• _Assignment_:
Reproduce the records below exactly, leaving their images out.

+===+

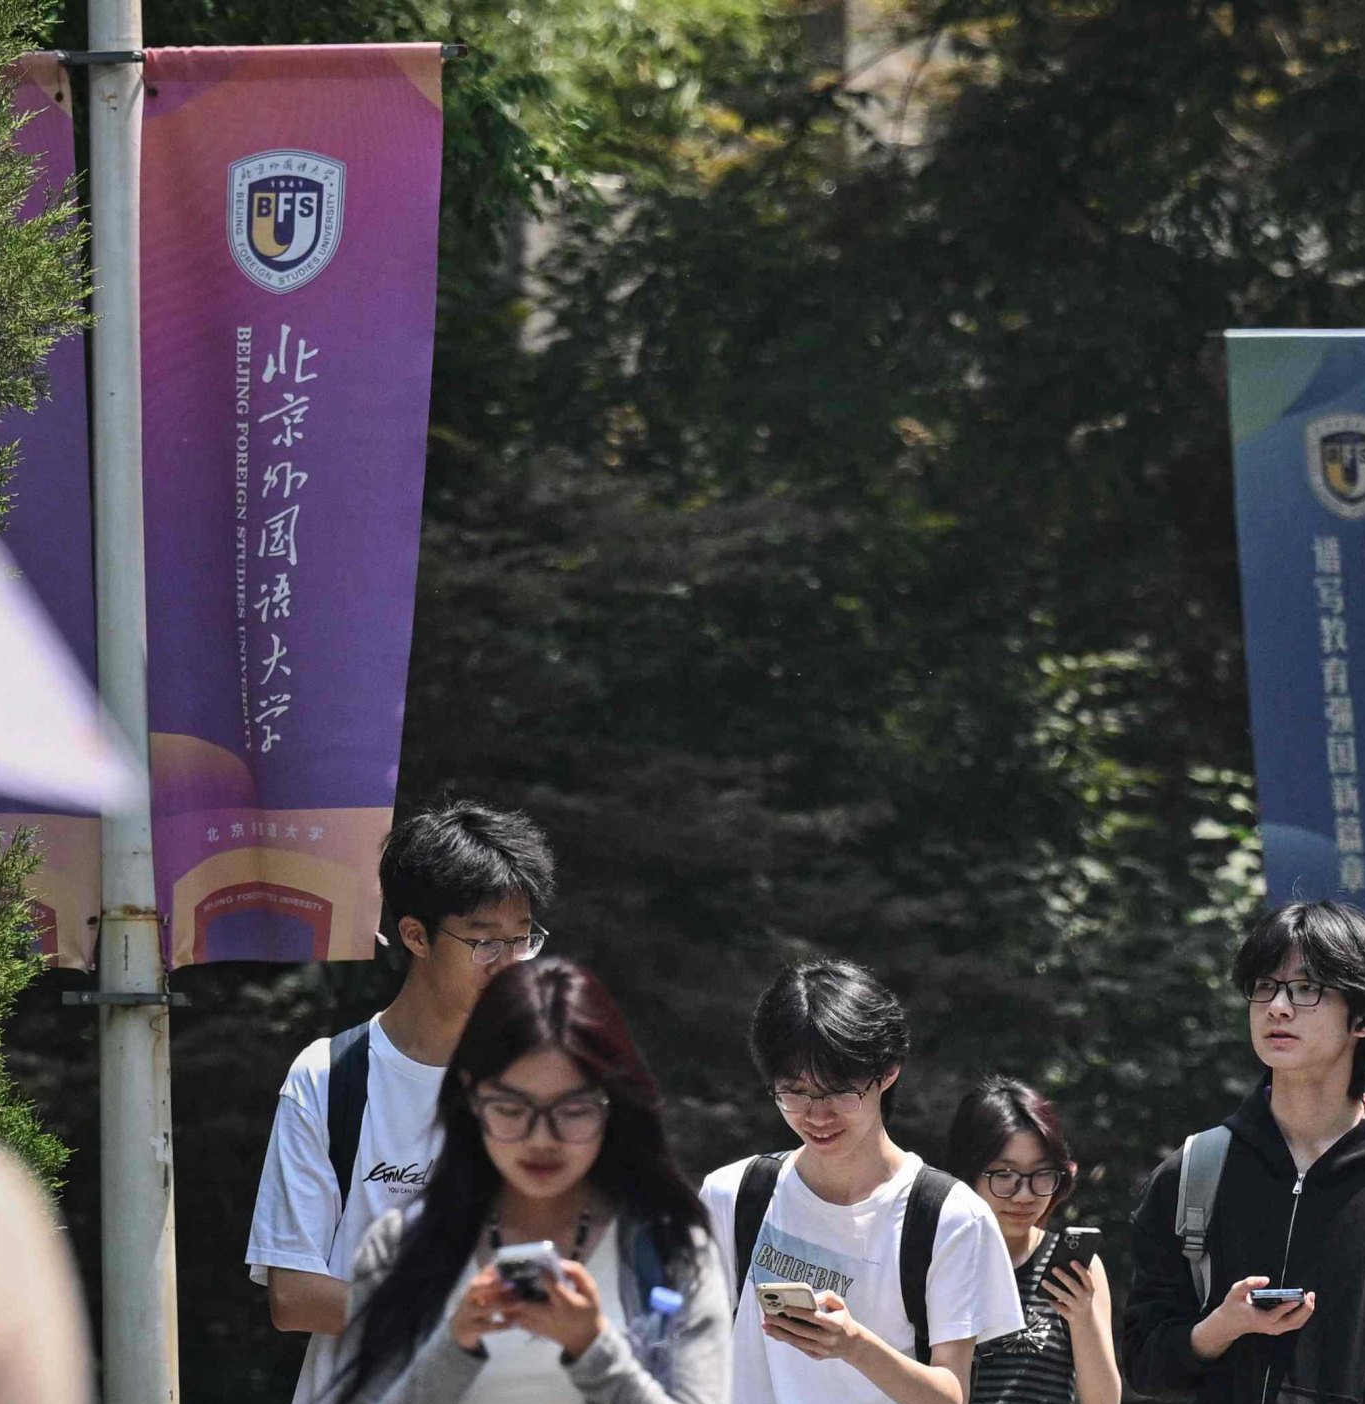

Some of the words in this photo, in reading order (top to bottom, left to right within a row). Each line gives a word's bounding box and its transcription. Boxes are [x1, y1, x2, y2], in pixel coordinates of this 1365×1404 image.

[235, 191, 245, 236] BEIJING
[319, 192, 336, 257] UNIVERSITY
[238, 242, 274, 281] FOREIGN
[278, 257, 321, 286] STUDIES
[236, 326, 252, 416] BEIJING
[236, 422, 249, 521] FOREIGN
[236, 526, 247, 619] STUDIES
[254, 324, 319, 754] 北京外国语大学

+===+

• _Result of this task_:
Some of the words in this photo, in reading order (top to bottom, left to right within a row). Each line gives a word's bounding box and its transcription. Boxes are [x1, y1, x2, y2], in pixel coordinates of this 1365×1404 image.

[235, 191, 245, 236] BEIJING
[319, 192, 336, 257] UNIVERSITY
[238, 242, 274, 281] FOREIGN
[278, 257, 321, 286] STUDIES
[236, 326, 252, 416] BEIJING
[236, 422, 249, 521] FOREIGN
[236, 526, 247, 619] STUDIES
[254, 324, 319, 754] 北京外国语大学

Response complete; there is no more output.